Exercise directions: Where a picture appears, leave it out; copy everything else in the records exactly.

Data provided:
────────────────────────────────────────
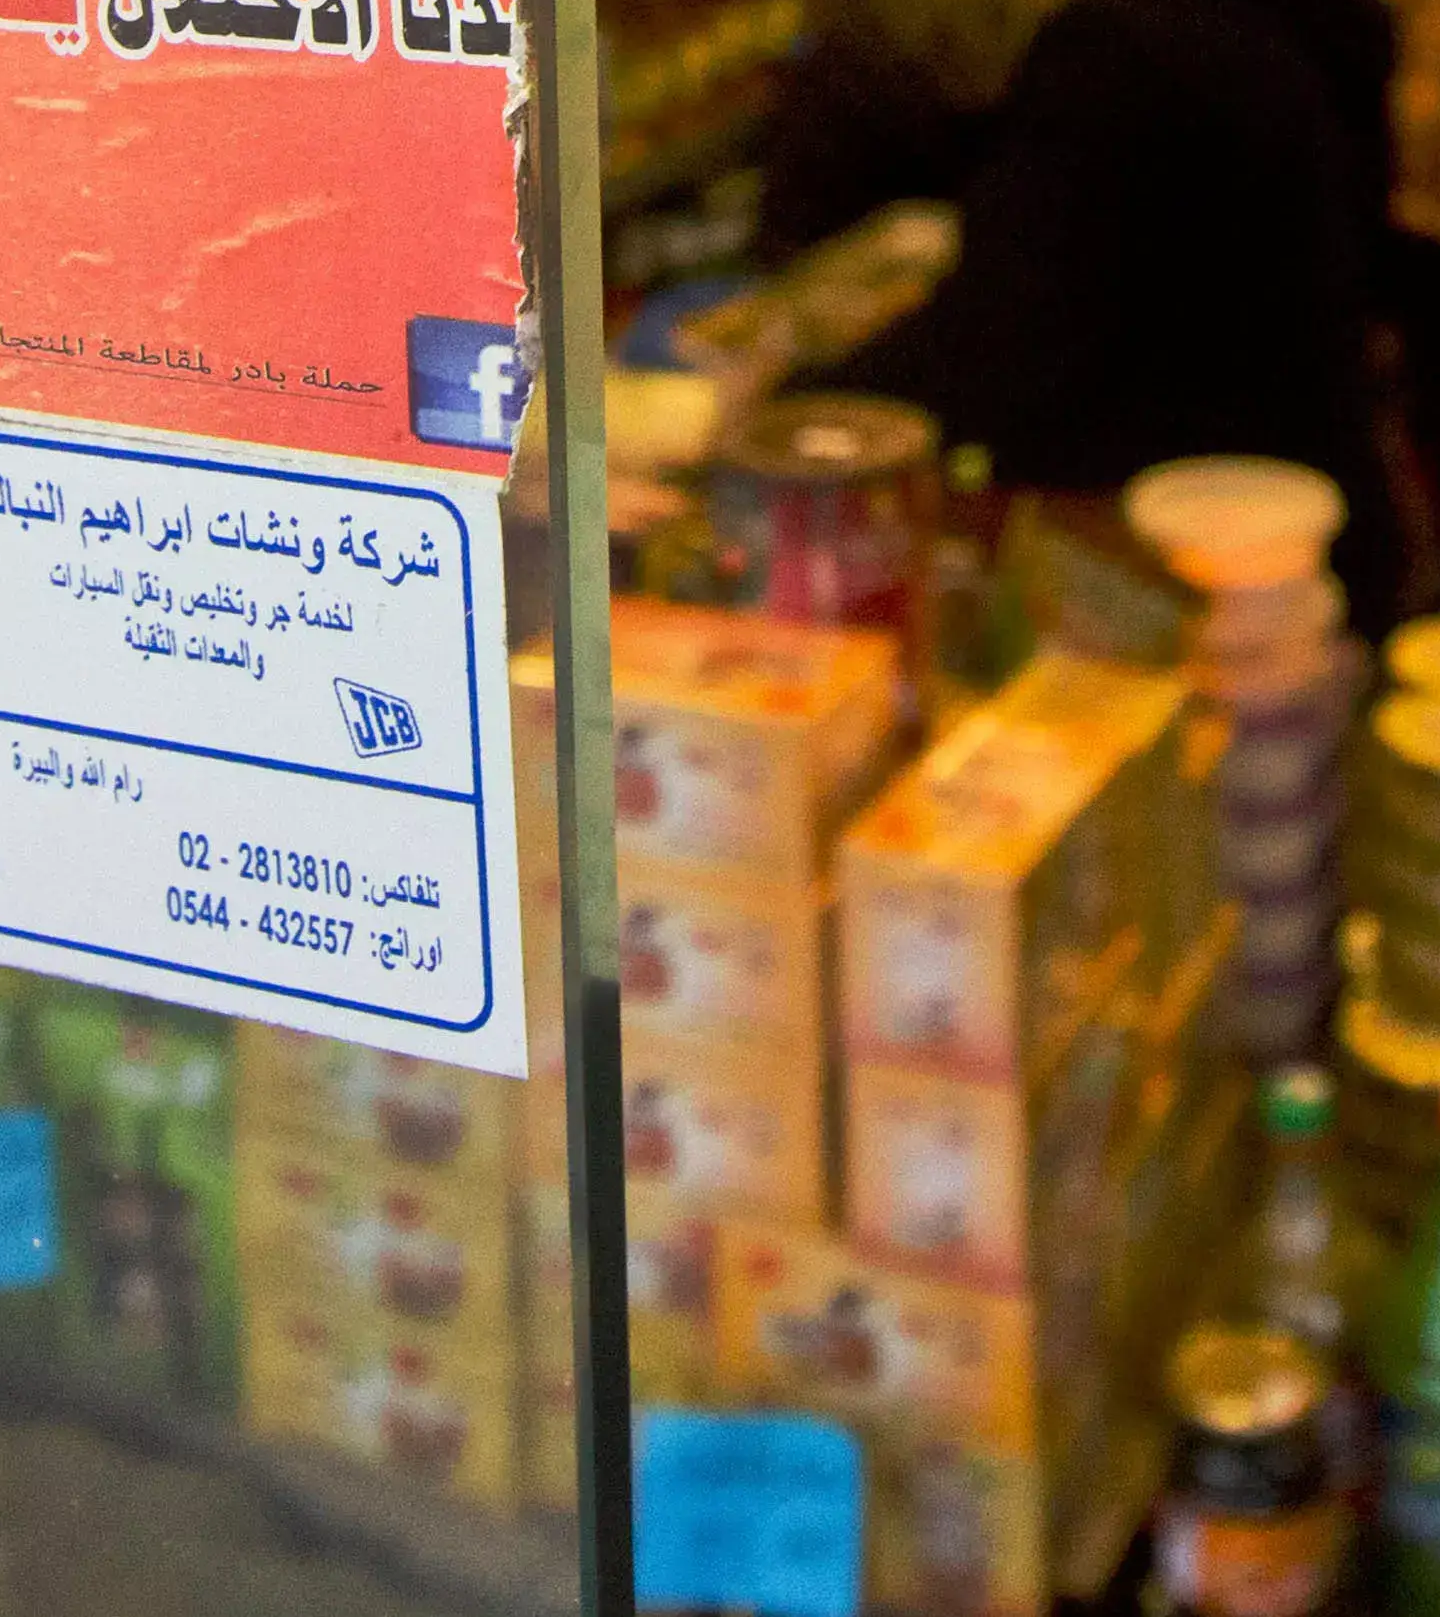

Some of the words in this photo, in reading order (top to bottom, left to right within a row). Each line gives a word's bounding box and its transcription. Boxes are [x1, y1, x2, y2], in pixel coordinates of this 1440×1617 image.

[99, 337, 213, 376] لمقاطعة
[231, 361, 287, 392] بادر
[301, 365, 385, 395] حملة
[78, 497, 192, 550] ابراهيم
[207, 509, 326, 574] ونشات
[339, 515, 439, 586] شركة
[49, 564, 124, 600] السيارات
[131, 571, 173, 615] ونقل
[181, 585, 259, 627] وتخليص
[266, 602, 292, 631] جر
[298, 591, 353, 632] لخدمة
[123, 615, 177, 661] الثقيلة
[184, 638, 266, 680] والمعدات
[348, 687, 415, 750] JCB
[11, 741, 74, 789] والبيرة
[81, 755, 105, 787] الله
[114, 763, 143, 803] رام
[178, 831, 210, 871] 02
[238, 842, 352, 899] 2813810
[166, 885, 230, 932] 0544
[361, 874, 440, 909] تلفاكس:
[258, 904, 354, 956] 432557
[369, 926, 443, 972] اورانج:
────────────────────────────────────────
Answer for this exercise:
Some of the words in this photo, in reading order (top to bottom, left to right within a row). Each line gives a word's bounding box and its transcription. Boxes are [x1, y1, x2, y2], in pixel coordinates of this 1440×1617 image.

[99, 337, 213, 376] لمقاطعة
[231, 361, 287, 392] بادر
[301, 365, 385, 395] حملة
[78, 497, 192, 550] ابراهيم
[207, 509, 326, 574] ونشات
[339, 515, 439, 586] شركة
[49, 564, 124, 600] السيارات
[131, 571, 173, 615] ونقل
[181, 585, 259, 627] وتخليص
[266, 602, 292, 631] جر
[298, 591, 353, 632] لخدمة
[123, 615, 177, 661] الثقيلة
[184, 638, 266, 680] والمعدات
[348, 687, 415, 750] JCB
[11, 741, 74, 789] والبيرة
[81, 755, 105, 787] الله
[114, 763, 143, 803] رام
[178, 831, 210, 871] 02
[238, 842, 352, 899] 2813810
[166, 885, 230, 932] 0544
[361, 874, 440, 909] تلفاكس:
[258, 904, 354, 956] 432557
[369, 926, 443, 972] اورانج:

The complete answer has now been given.